I am working on the below automation requirements:
- compare two excel files, and based on the logic create 3rd csv file with the final comparison.
- My both excel files have same col names "Name", and "Size".
a) For each weekly release an excel file is generated, and the file contains "name" and "Size" fields.
b) I need to compare the previous weekly release and current weekly release excel files.
c) The 3rd CSV file that is created will still contains the current weekly release "size" value. However, if the previous weekly release's "size" and current weekly release "size" differ, then I just need to give them a color code to those two cells.
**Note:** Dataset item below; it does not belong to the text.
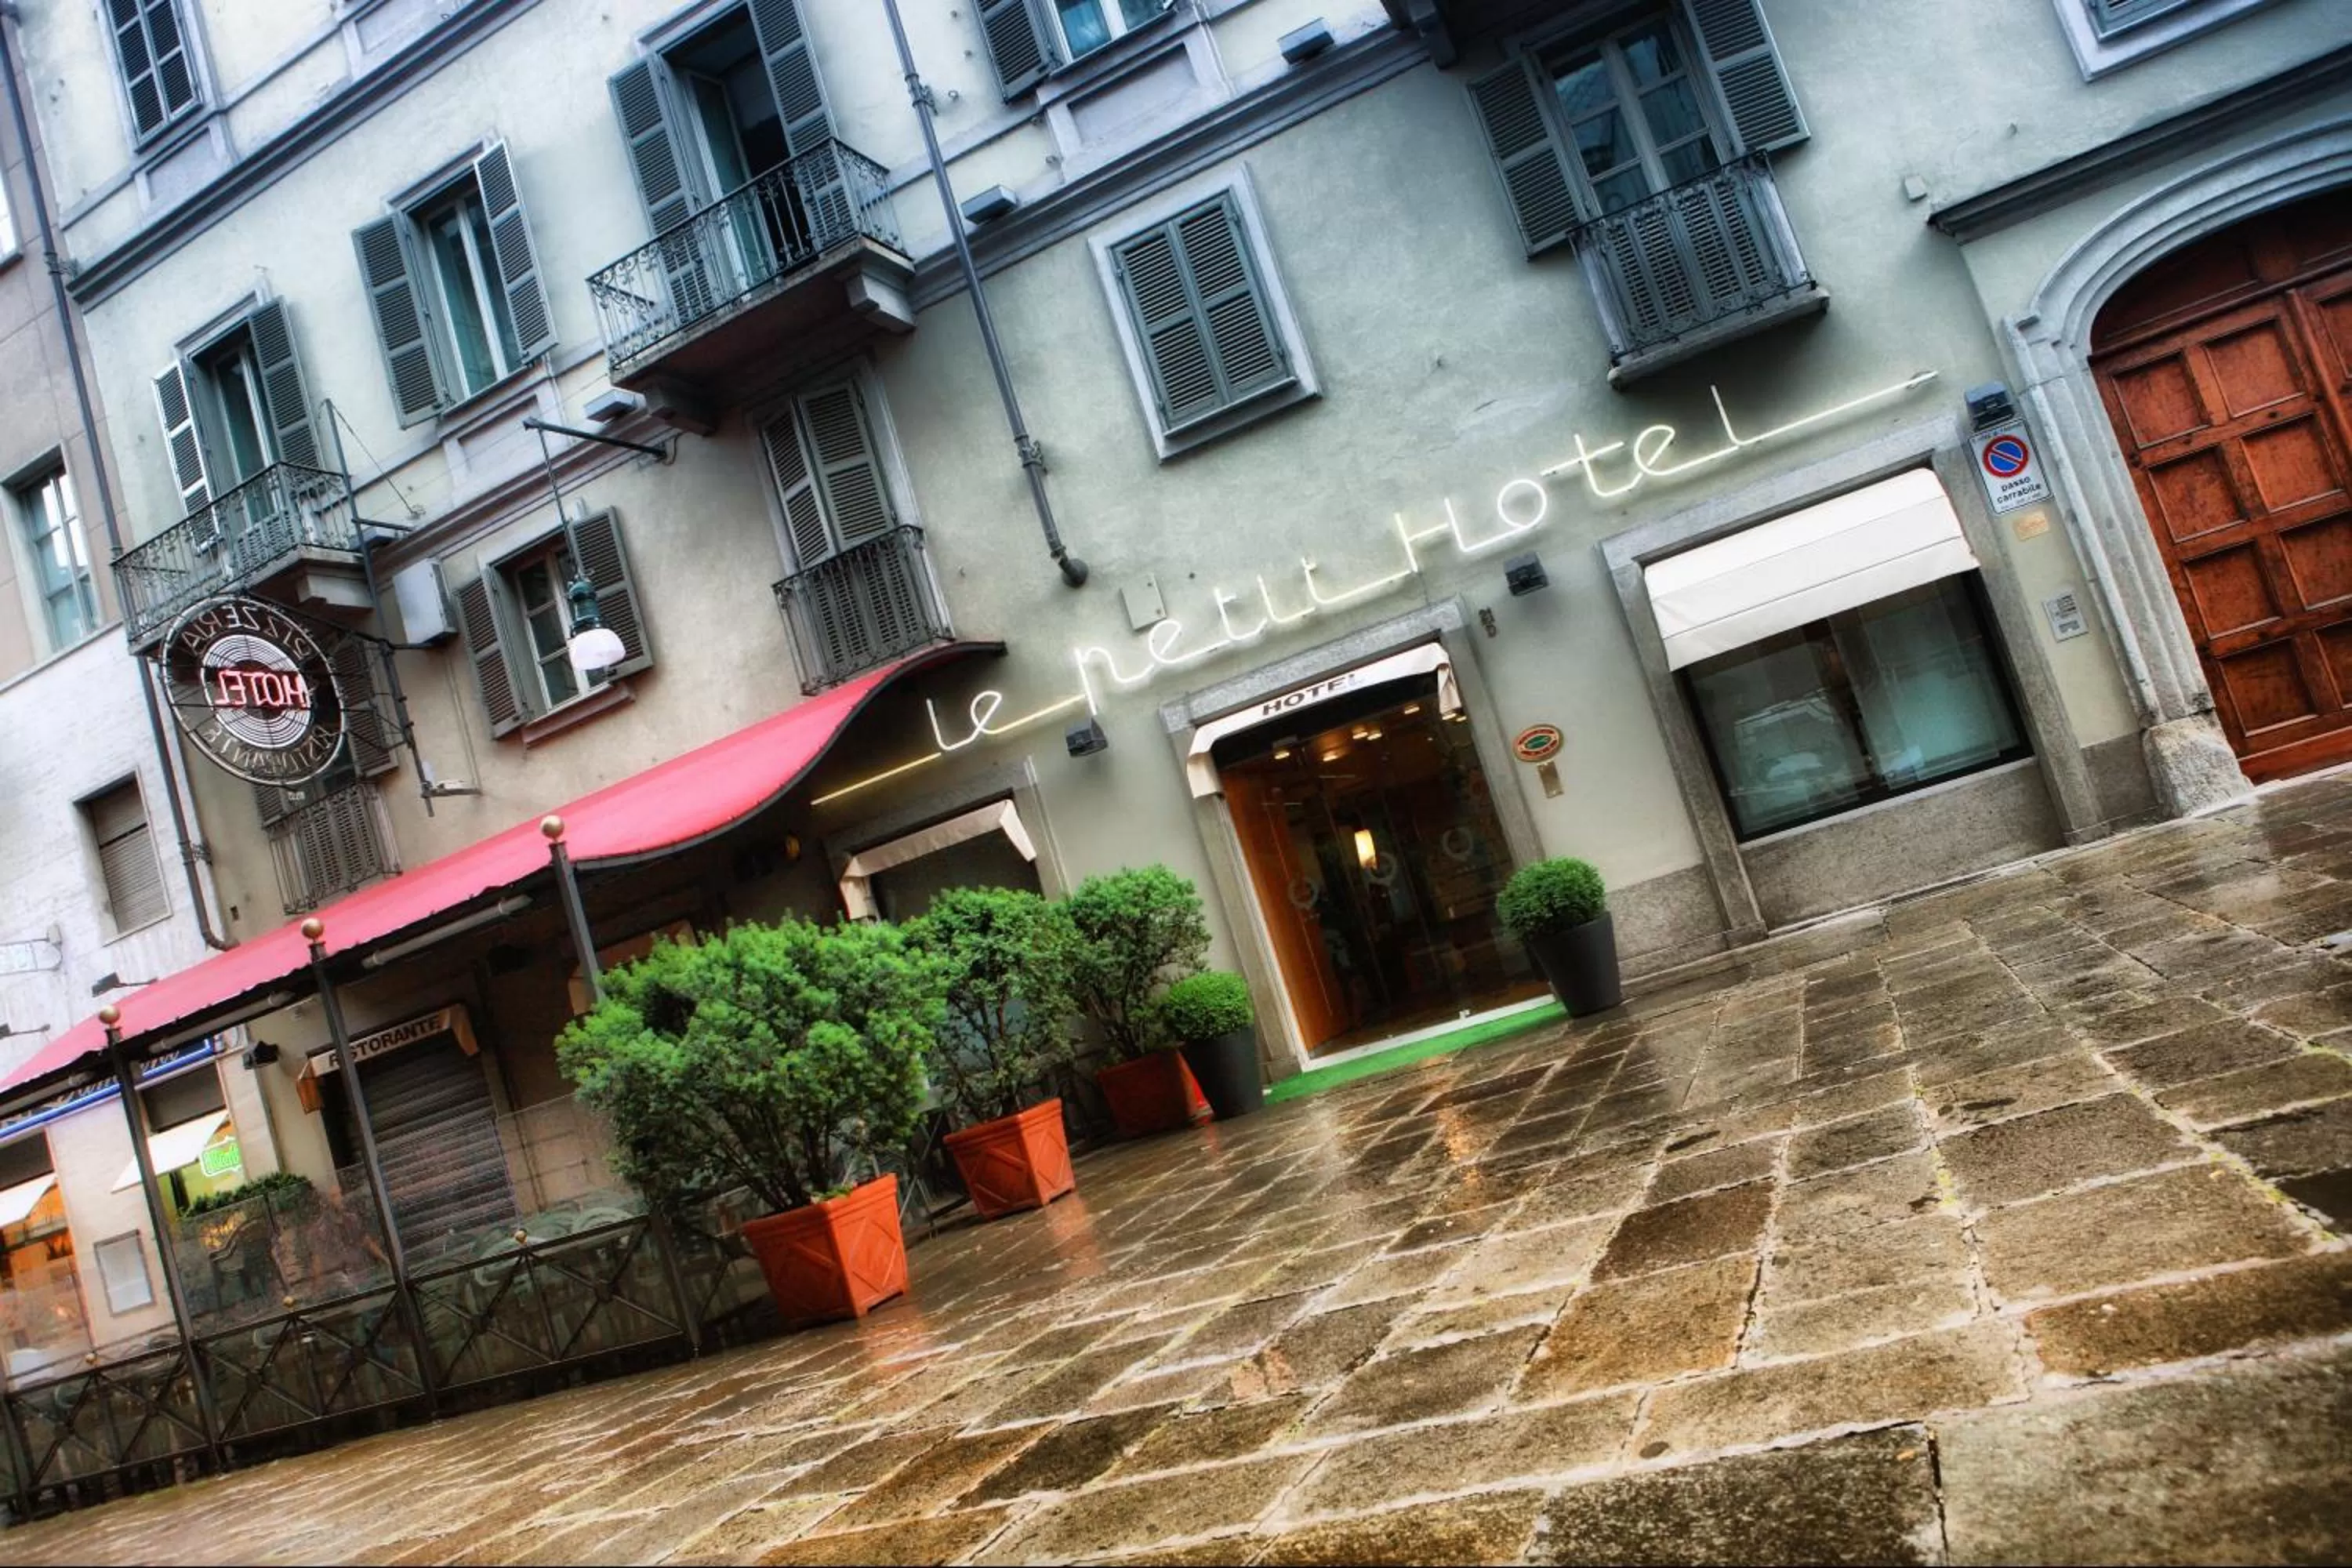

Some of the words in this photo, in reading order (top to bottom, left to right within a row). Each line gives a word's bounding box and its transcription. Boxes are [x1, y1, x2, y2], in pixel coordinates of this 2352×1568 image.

Based on the above requirements, I have written below program.
import pandas as pd
import re
A = pd.read_excel('abc.xlsx')
B = pd.read_excel('zyx.xlsx')
Name_A = A['Name'].tolist()
Size_A = A['Size'].tolist()
Name_B = B['Name'].tolist()
Size_B = B['Size'].tolist()
Ref_dict = dict(zip(Name_A, Size_A))
Unknown_dict = dict(zip(Name_B, Size_B))
filename = 'seq_match_compare.csv'
f = open(filename, 'w')
headers = 'Name, Size\n'
f.write(headers)
for ID, seq in Unknown_dict.items():
for species, seq1 in Ref_dict.items():
m = re.search(ID, seq1)
if m:
match = m.group()
pos = m.start() + 1
f.write(str(ID) + ',' + ID + ',' + species + ',' + seq1 + ',' + match + ',' + str(pos) + '\n')
f.close()
But I am getting below errors:
Traceback (most recent call last):
File "<path_to>/xl_diff.py", line 35, in <module>
m = re.search(ID, seq1)
File "<path_to>\AppData\Local\Programs\Python\Python37\lib\re.py", line 183, in search
return _compile(pattern, flags).search(string)
TypeError: expected string or bytes-like object
Note:
- The 3rd CSV file will already have previous weekly release data. I need to print the current weekly release data(Size) in new empty column. sample screenshot attached.
Not sure, if my method is correct. Please suggest.